Mango is a delicious, bright yellow, sweet, and slightly creamy tropical fruit. It is versatile and quite easy to find in just about every supermarket in the United States. With summer coming up, you are likely to buy more mangos to eat around the pool or throw into salads and salsas. You may also buy dried mango for a sweet and chewy snack to eat on the run or have for dessert.
If you love dried mango, you may have been wondering if you can share some with your dog and if it is safe for them to eat. In short, yes, dogs can have dried mango. But let's take a further look at the benefits and drawbacks of dried mango.
Signs of a Dog Liking Dried Mango
You are likely able to tell if your dog likes a certain food, if they are uncertain about it, or if they really do not like the new food you are having them try. All dogs react differently to certain foods - some dogs may love dried mangos, while other dogs will completely turn their noses up to this fruit.
If your dog does like the taste and texture of dried mango, they are likely going to eat the piece of fruit without any resistance or hesitation. After they finish their first piece, they will generally beg for more as well. Begging can consist of many different actions that are unique from dog to dog. A begging dog may stare at you, sit patiently in front of you, bark, howl, cry, or whine. They may even paw at your leg, wag their tail, and spin around in circles. They are also likely to drool...a lot.
If your dog does not like dried mango, they may attempt to chew the food, but then spit it out. Maybe they will paw at it or try to play with it like it's a toy. Some dogs like to give foods and things they don't like the "ugly face" as well, which is basically them showing their teeth or snarling.
History of Dogs and Mangos
Mangos are native fruits to South Asia, close to East India. This may be surprising because we associate mangos with tropical islands like in the Caribbean. Mangos are related to pistachios and cashew nuts. Mangos have always been very popular among different cultures.
Mangos did not make it to the United States until the 1860's. They have a long and rich history and have played a pivotal role in cultures throughout the world. Historically, mangos are a symbol of life and happiness. They have appeared in many religious texts and are thought to have helped shaped peoples lives.
Mango production in the United States is quite limited compared to other countries around the world. Mangos are mainly grown in California and Florida as the mango trees need warm and tropical-like climates to grow and thrive. Although there are hundreds of varieties of mangos, the US only cultivates and harvests a few varieties.
It is generally unknown if mangos were given as a source of food and nutrition to dogs and animals throughout the centuries. Mangos used to be very pricey and exclusive, so it is likely these precious fruits were just reserved for wealthy people to consume and give as gifts.
The Science Behind Mangos for Dogs
Mangos are a fantastic source of vitamins and minerals for your dog.

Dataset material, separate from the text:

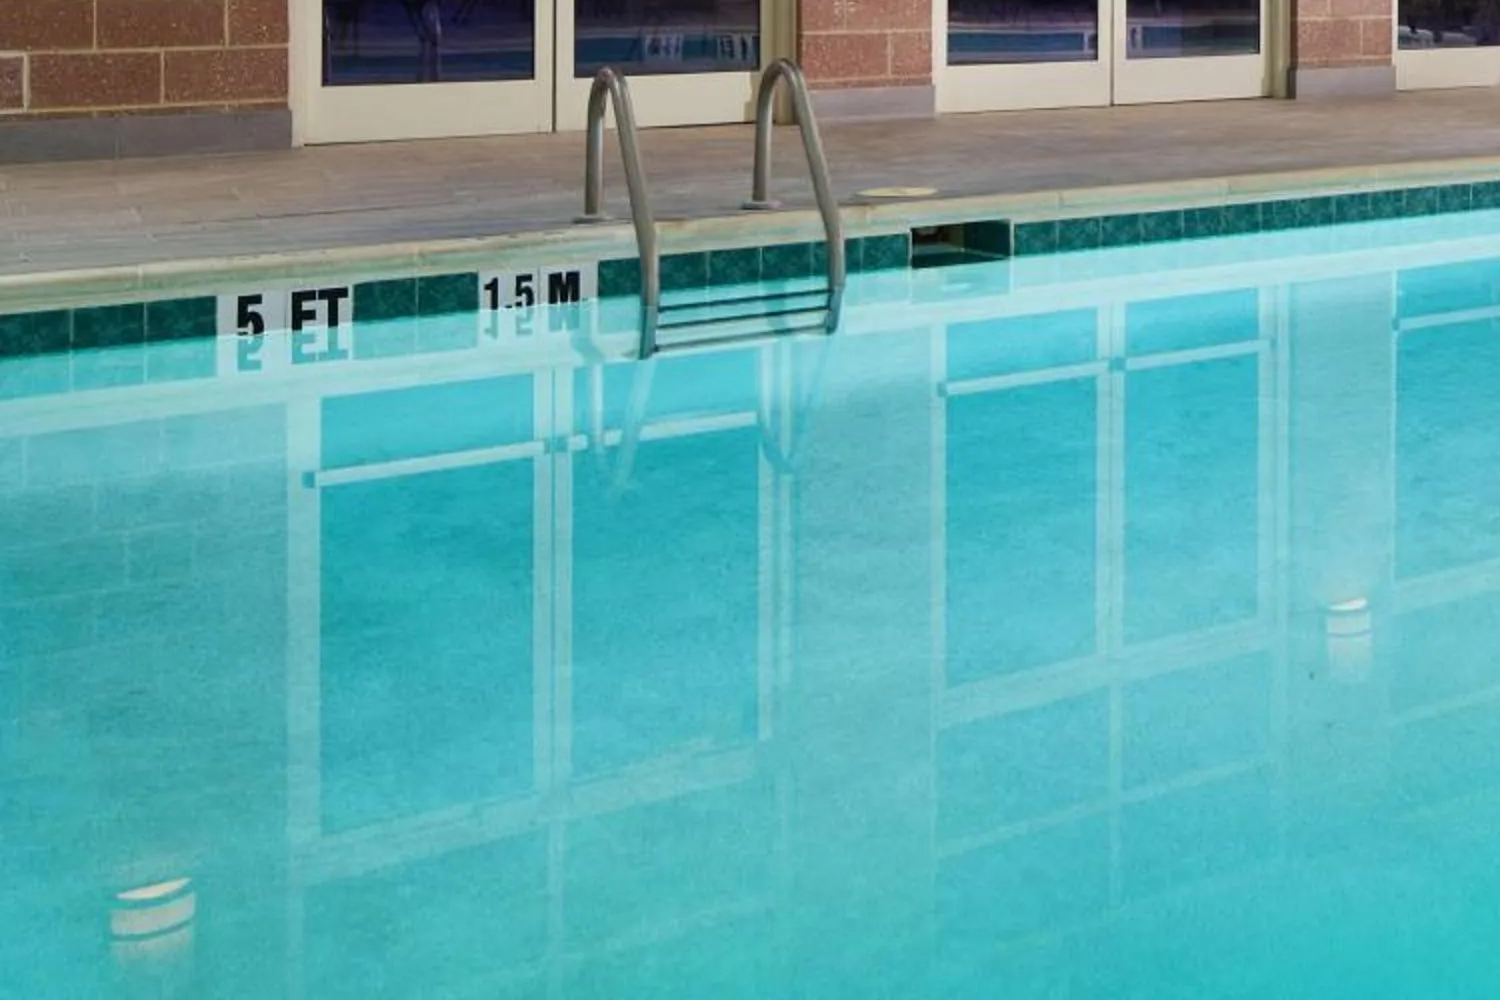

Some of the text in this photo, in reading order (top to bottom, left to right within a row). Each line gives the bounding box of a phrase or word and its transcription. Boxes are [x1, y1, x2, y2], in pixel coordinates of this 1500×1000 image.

They contain vitamins A, B6, E, and C. Mangos also have a high amount of fiber, which can help with your dog's digestion and to help keep them regular.
This yummy fruit also has beta-carotene, anti-oxidants, and potassium. If your dog suffers from high cholesterol, mangos can help lower their levels naturally. They can also help boost their immune system to help fight off illnesses and they can improve their eyesight, which is particularly important in older dogs. Antioxidants can help clear their cells from free radicals and prevent certain types of cancer.

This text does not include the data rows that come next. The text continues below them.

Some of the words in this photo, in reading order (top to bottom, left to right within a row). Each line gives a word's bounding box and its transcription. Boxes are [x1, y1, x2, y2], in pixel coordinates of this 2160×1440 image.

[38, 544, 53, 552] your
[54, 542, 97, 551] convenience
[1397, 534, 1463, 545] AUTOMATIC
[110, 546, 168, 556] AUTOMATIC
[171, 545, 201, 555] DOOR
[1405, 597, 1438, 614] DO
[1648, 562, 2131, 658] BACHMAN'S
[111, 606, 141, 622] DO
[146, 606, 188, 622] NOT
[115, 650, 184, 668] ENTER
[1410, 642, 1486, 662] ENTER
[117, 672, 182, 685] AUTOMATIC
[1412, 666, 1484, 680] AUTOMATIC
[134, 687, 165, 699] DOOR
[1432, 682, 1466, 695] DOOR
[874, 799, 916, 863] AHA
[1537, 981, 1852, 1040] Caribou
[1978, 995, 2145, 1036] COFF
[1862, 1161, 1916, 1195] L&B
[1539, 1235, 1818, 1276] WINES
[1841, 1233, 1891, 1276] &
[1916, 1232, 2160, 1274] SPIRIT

Training Dogs to Like Dried Mangos
Your dog is either going to love dried mangos or they are not going to be too happy with the taste or texture. Dried mango is chewy and this may not be a texture all dogs enjoy.

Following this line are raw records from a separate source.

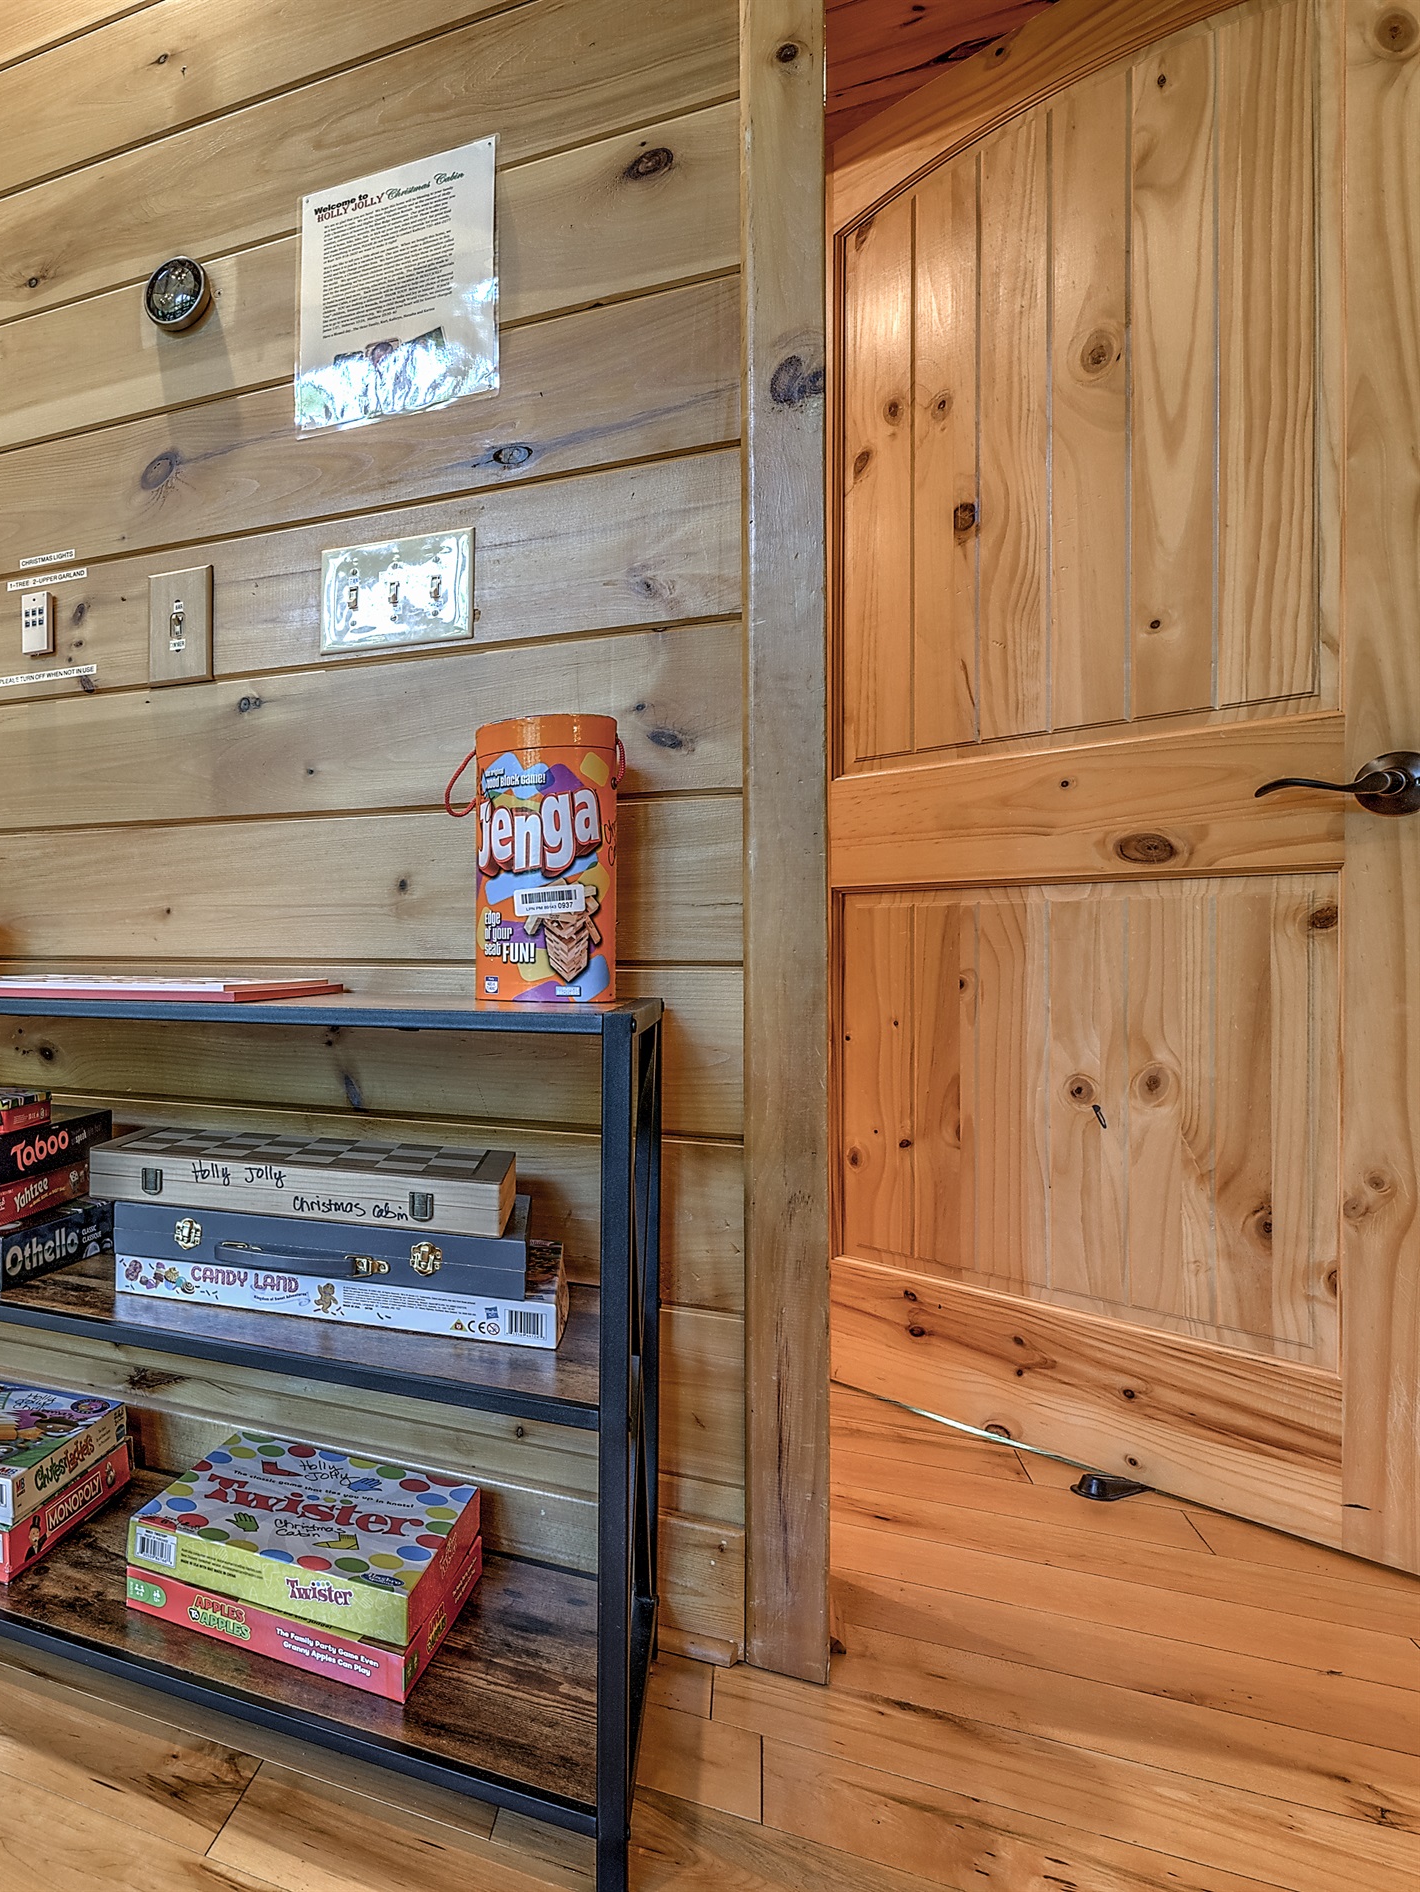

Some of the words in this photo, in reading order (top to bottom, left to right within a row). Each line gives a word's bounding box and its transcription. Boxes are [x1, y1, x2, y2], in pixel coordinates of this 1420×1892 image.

[313, 197, 356, 216] Welcome
[358, 192, 369, 201] to
[317, 205, 350, 223] HOLLY
[351, 192, 385, 212] JOLLY
[386, 181, 431, 201] Christmas
[433, 171, 465, 185] Cabin
[21, 555, 53, 567] CHRISTMAS
[53, 550, 74, 561] LIGHTS
[9, 579, 30, 589] 1-TREE
[58, 569, 85, 580] GARLAND
[20, 674, 35, 682] TURN
[35, 672, 46, 680] OFF
[46, 670, 64, 679] WHEN
[63, 668, 76, 676] NOT
[82, 665, 95, 674] USE
[478, 788, 601, 874] Jenga
[484, 910, 501, 927] Edge
[557, 901, 574, 909] 0937
[484, 925, 493, 940] of
[492, 927, 513, 942] your
[484, 941, 501, 956] seat
[502, 942, 535, 963] FUN!
[10, 1130, 69, 1172] Taboo
[191, 1159, 232, 1187] Holly
[244, 1165, 287, 1189] Jolly
[13, 1177, 49, 1213] Yahtzee
[292, 1195, 367, 1217] Christmas
[81, 1224, 97, 1236] CLASSIC
[81, 1231, 102, 1244] CLASSIQUE
[5, 1227, 79, 1277] Othello
[190, 1265, 249, 1288] CANDY
[253, 1272, 300, 1293] LAND
[34, 1456, 66, 1491] Chutes
[65, 1433, 95, 1474] Ladders
[299, 1459, 344, 1474] Holly
[48, 1475, 101, 1531] MONOPOLY
[233, 1469, 248, 1477] The
[249, 1474, 276, 1484] classic
[278, 1480, 303, 1488] game
[386, 1500, 415, 1509] knots!
[203, 1472, 426, 1538] Twister
[274, 1518, 347, 1534] Christmas
[275, 1528, 321, 1538] Cabin
[285, 1578, 353, 1606] Twister
[194, 1595, 247, 1623] APPLES
[200, 1610, 251, 1641] APPLES
[275, 1627, 290, 1639] The
[290, 1632, 315, 1647] Family
[314, 1639, 338, 1655] Party
[337, 1647, 360, 1661] Game
[360, 1655, 380, 1668] Even
[282, 1640, 310, 1657] Granny
[310, 1649, 337, 1665] Apples
[337, 1658, 353, 1670] Can
[353, 1663, 371, 1677] Play

If your dog does like to snack on this dried fruit, you will want to limit their intake. Dried mango has a lot more sugar than fresh mango and you don't want too much extra sugar in their diet as it is unnecessary and has no nutritional benefits. Many brands also add even more sugar to their dried mango, so you must find a brand that does not include added sugars.
You will also want to cut the dried mango into smaller pieces. Dried mango often comes in long strips. Since it can be a bit hard and chewy, you don't want your pup to choke on any large strips of mango.
If you are worried about adding too much sugar to your dog's diet or your dog does not seem to like dried mango, try giving them fresh mangos. Fresh mangos are naturally sweet, soft, and juicy, which may be more appealing to your dog. Fresh mango will also be easier for them to eat and chew. You can chop up some fresh mango and give it to them as a special treat or snack or you can throw it into their food bowl during meal times.
Always make sure you cut away all of the tough skin from the mango as it is hard to chew and digest. You also need to make sure your dog never eats the hard and fibrous pit inside of the mango. This large, flat pit is hard, stringy, and very hard for both you and your dog to digest safely.